Wow! Those are two scary words. For anyone growing up in the arid West they are reminders of the increasing threat of wild fire through the long hot dry months of summer. They speak of a spark taking off, becoming a flame and tearing apart hillsides and fields, green grass gone blonde gone black. What is left but seed for next year, a few stalwart trees, and a saving remnant of verdure passed over but scorched. A few bushes grow, here and there. Seed spreads across the blackened earth. And still the summer waits.

The breath of a cool change in the air, the trembling hope of a monsoon with its violent release of water: these are coming – but when?

In the church, too, there is the hint of spreading flames – but it is a hopeful fear, not anticipatory dread, that draws us in fascination. What we are seeing are fields gradually ripening, the “flame” the spreading word of the gospel, which catches spontaneously and lights new lights in dark places.

Sometimes like ivy “it sleeps, it creeps, then it leaps!” (Gradually, gradually the word is spreading.) Sometimes suddenly it is evident all around us: “Why didn’t I see that before?”

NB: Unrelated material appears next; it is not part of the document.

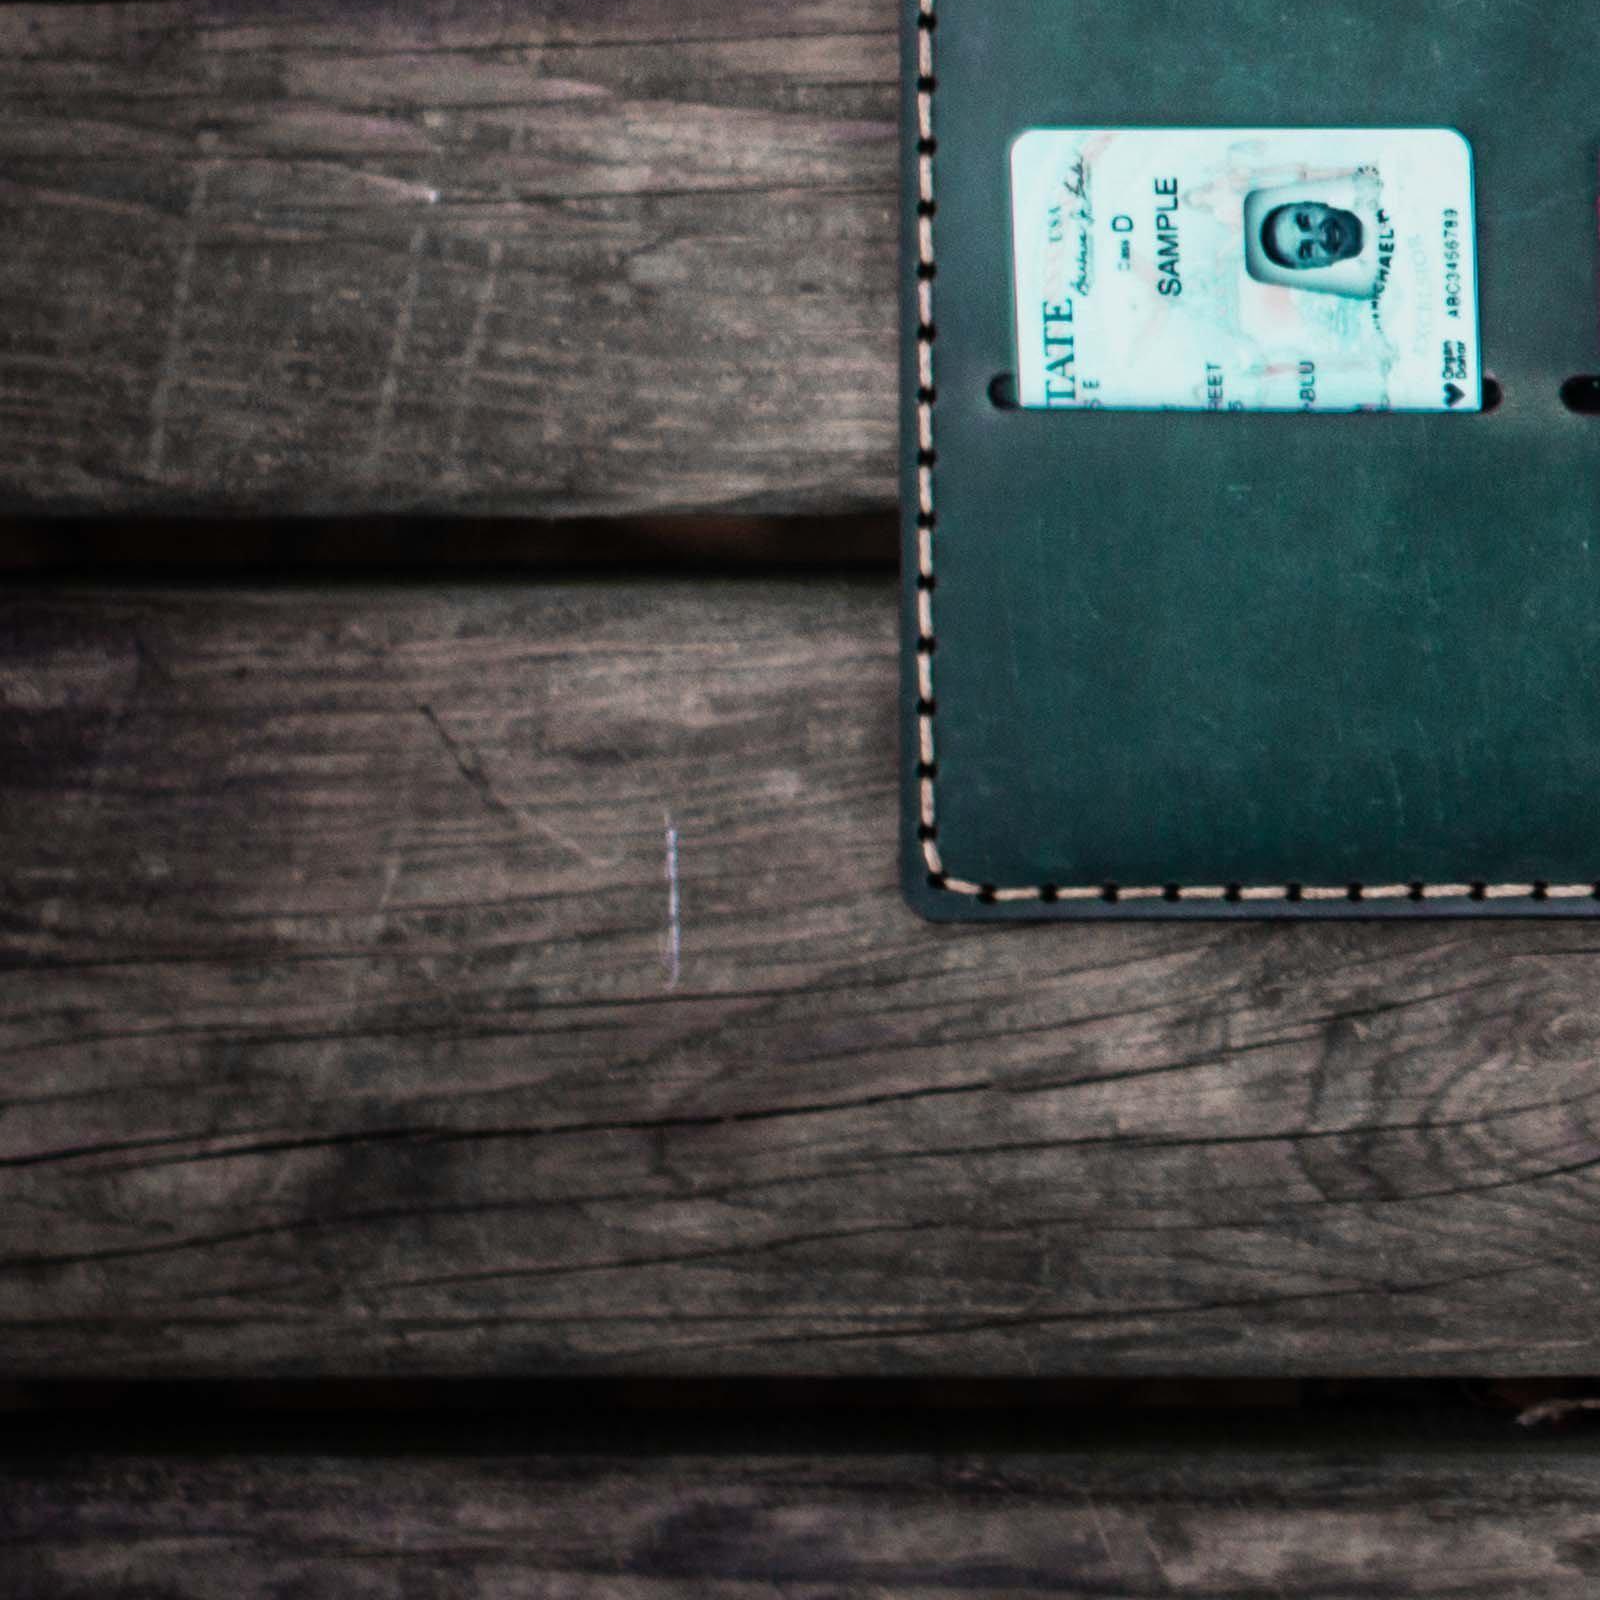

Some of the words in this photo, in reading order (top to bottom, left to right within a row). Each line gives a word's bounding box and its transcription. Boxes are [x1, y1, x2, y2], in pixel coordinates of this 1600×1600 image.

God’s kingdom is all around us, coming into being, drawing us into fullness. God is at work in the world: how do we share in it? The Sundays after Pentecost (beginning with Trinity, the first Sunday in June, and extending all the way through All Saints to Christ the King) are all about this challenge.

How do we take part in God’s work in the world? Or, how are we to be the body of Christ? How do we share it? How do we show it?

We pause for a moment of stillness, after the sermon and after the Eucharist, to allow spaciousness in our spirits, to allow the Holy Breath to breathe through us. And in the stillness, we wonder. What would God say if we stopped and listened?